🤖 AI Summary
This work proposes SourceSwap, a novel framework for zero-shot object swapping that overcomes key limitations of existing methods—such as per-object fine-tuning, slow inference, or reliance on additional paired data—by enabling cross-object alignment and scene harmonization without video or multi-view inputs. SourceSwap introduces a self-supervised, source-aware alignment mechanism that generates high-quality pseudo-paired data in the initial noise space through frequency-separated perturbations. Leveraging a dual U-Net architecture, full-source conditioning, and a noise-free reference encoder, the method significantly outperforms current approaches in object fidelity, scene preservation, and object-scene harmony. Furthermore, it generalizes effectively to theme-driven refinement and face swapping tasks. To support rigorous evaluation, the authors also introduce SourceBench, the first high-quality benchmark dedicated to object swapping.
📝 Abstract
Object swapping aims to replace a source object in a scene with a reference object while preserving object fidelity, scene fidelity, and object-scene harmony. Existing methods either require per-object finetuning and slow inference or rely on extra paired data that mostly depict the same object across contexts, forcing models to rely on background cues rather than learning cross-object alignment. We propose SourceSwap, a self-supervised and source-aware framework that learns cross-object alignment. Our key insight is to synthesize high-quality pseudo pairs from any image via a frequency-separated perturbation in the initial-noise space, which alters appearance while preserving pose, coarse shape, and scene layout, requiring no videos, multi-view data, or additional images.
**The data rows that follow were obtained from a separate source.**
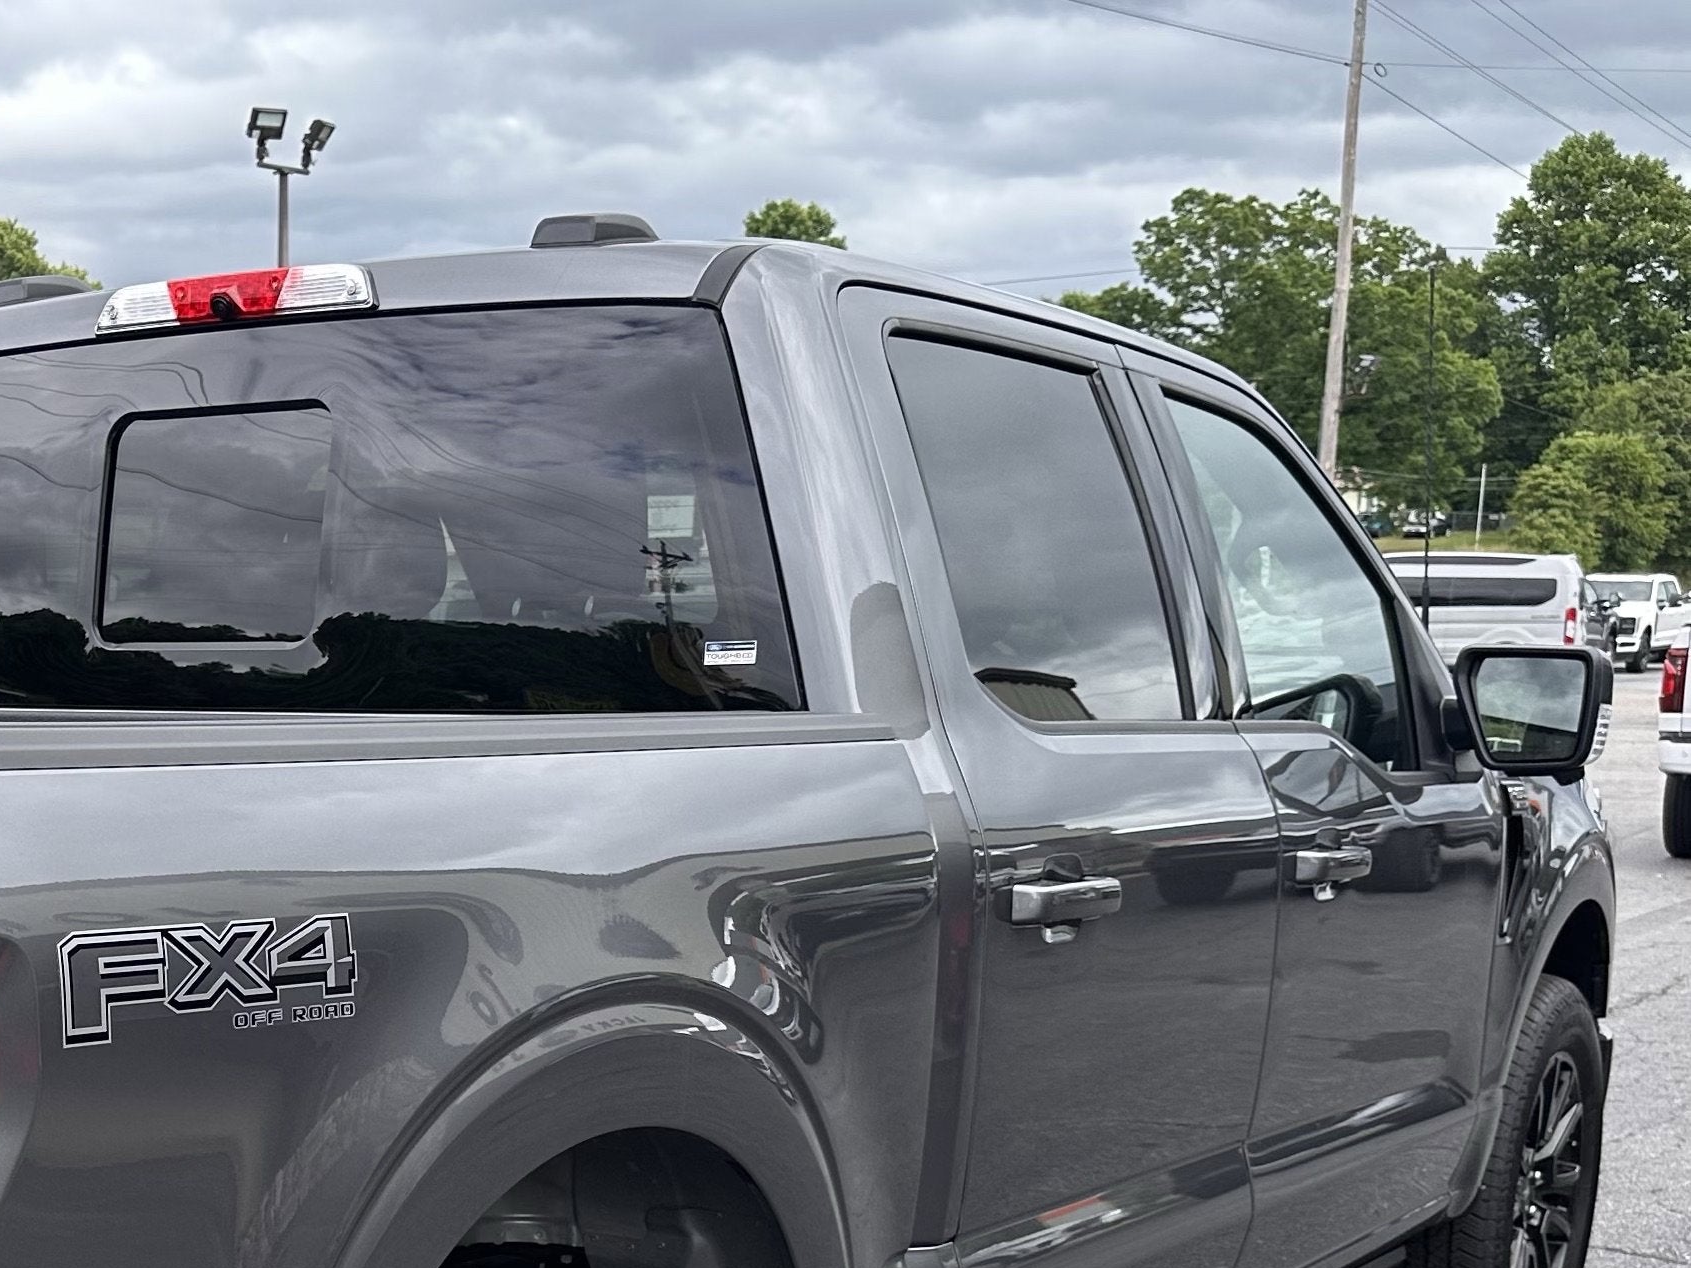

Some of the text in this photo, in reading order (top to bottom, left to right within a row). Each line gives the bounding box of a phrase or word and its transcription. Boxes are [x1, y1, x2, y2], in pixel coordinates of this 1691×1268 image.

[57, 912, 358, 1049] FX4
[232, 1001, 356, 1029] OFF ROAD
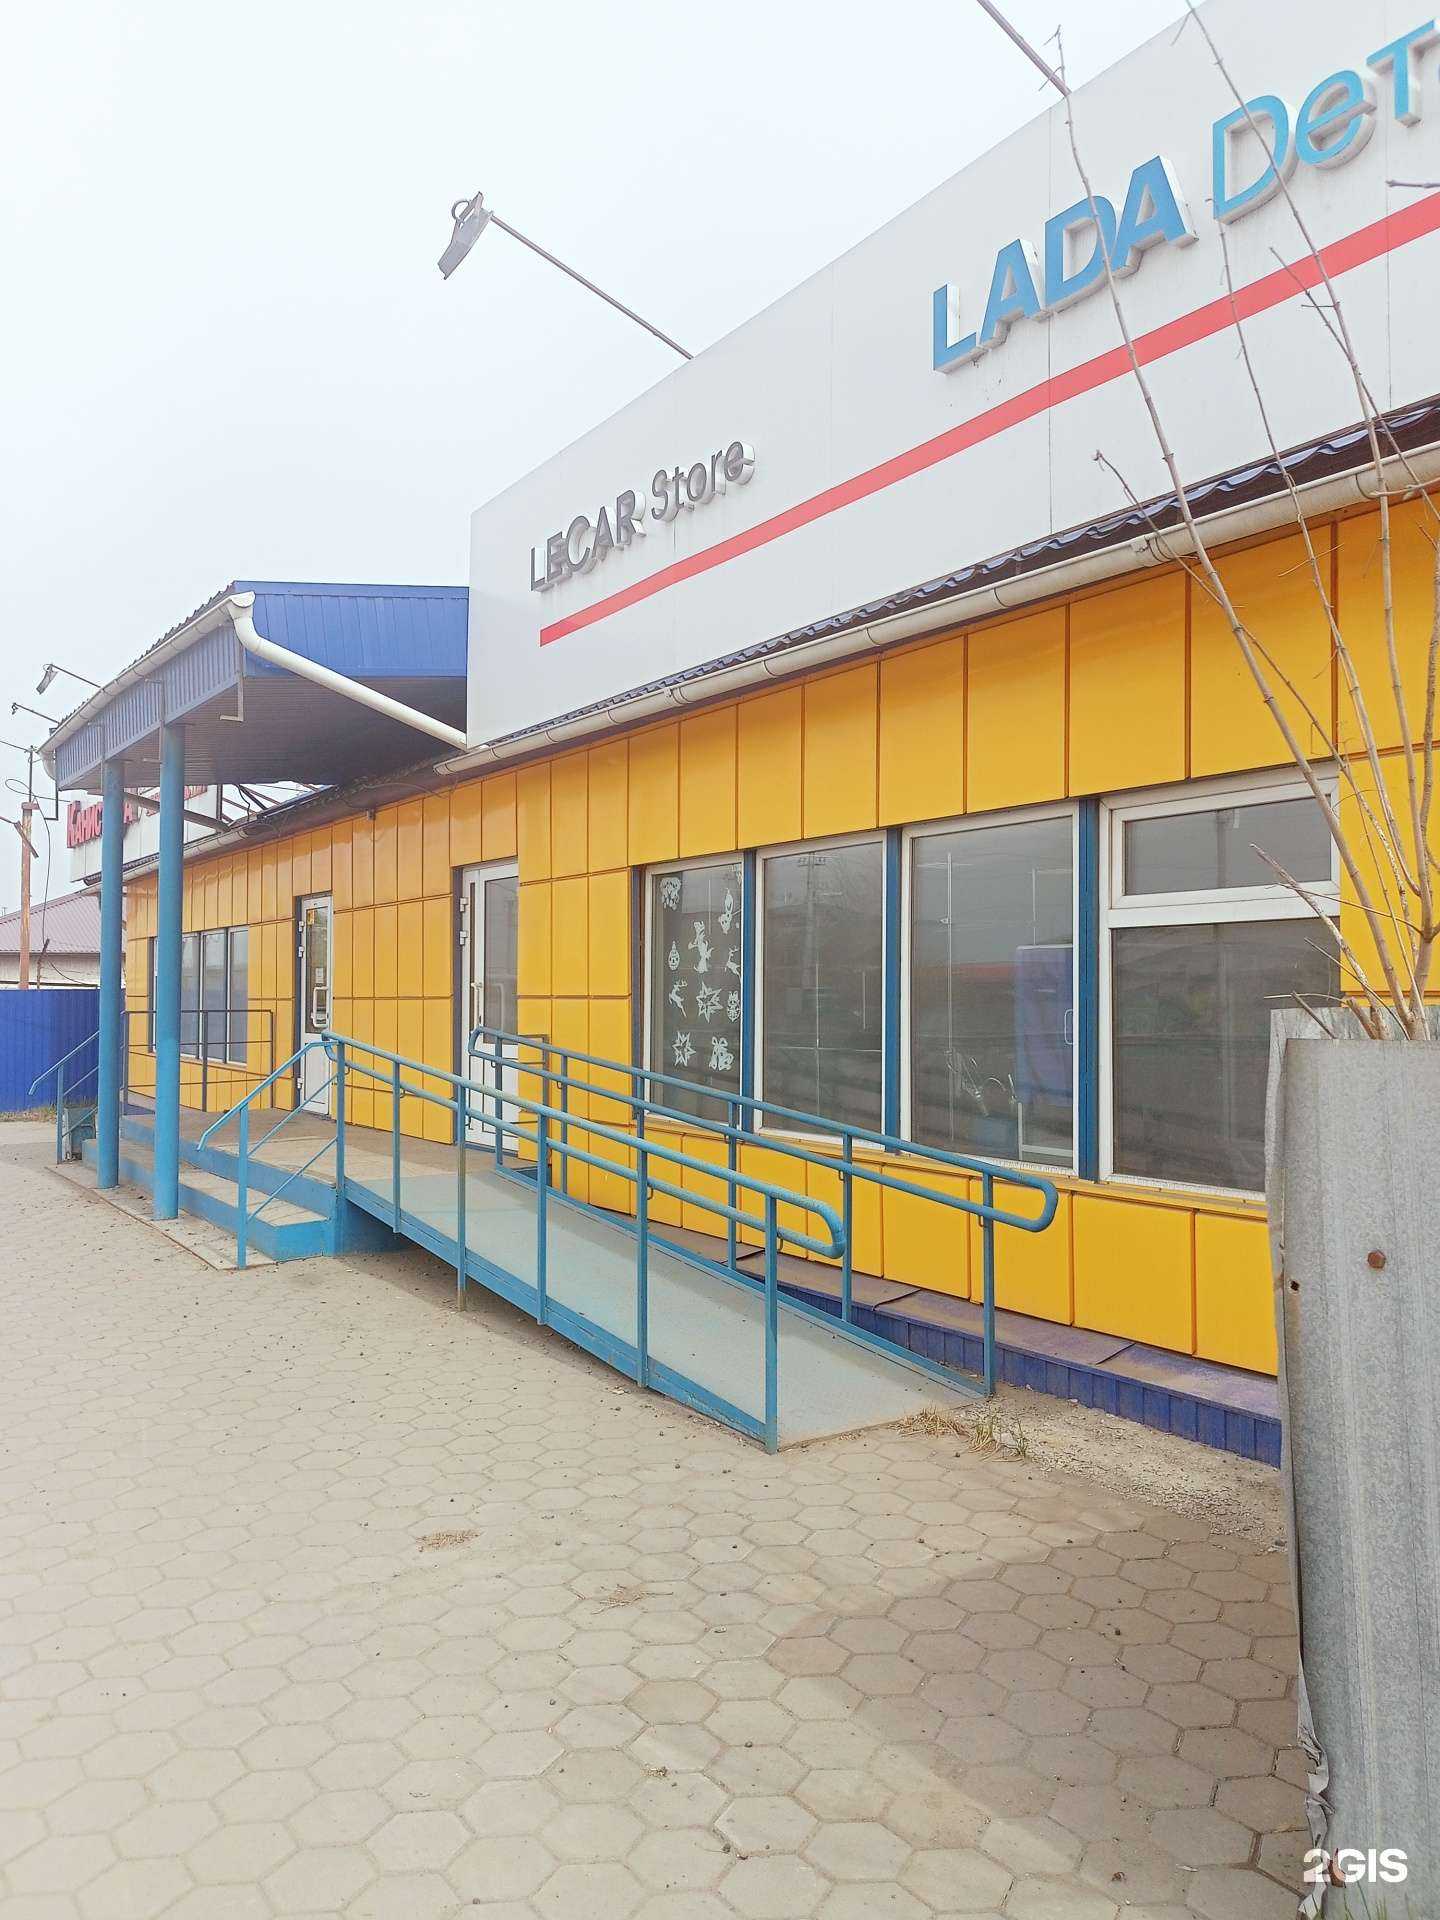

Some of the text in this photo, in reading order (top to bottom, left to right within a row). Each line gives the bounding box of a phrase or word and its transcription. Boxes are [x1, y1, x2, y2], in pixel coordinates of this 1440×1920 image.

[933, 155, 1199, 374] LADA
[530, 440, 755, 593] LECAR Store
We then train a dual U-Net with full-source conditioning and a noise-free reference encoder, enabling direct inter-object alignment, zero-shot inference without per-object finetuning, and lightweight iterative refinement. We further introduce SourceBench, a high-quality benchmark with higher resolution, more categories, and richer interactions. Experiments demonstrate that SourceSwap achieves superior fidelity, stronger scene preservation, and more natural harmony, and it transfers well to edits such as subject-driven refinement and face swapping.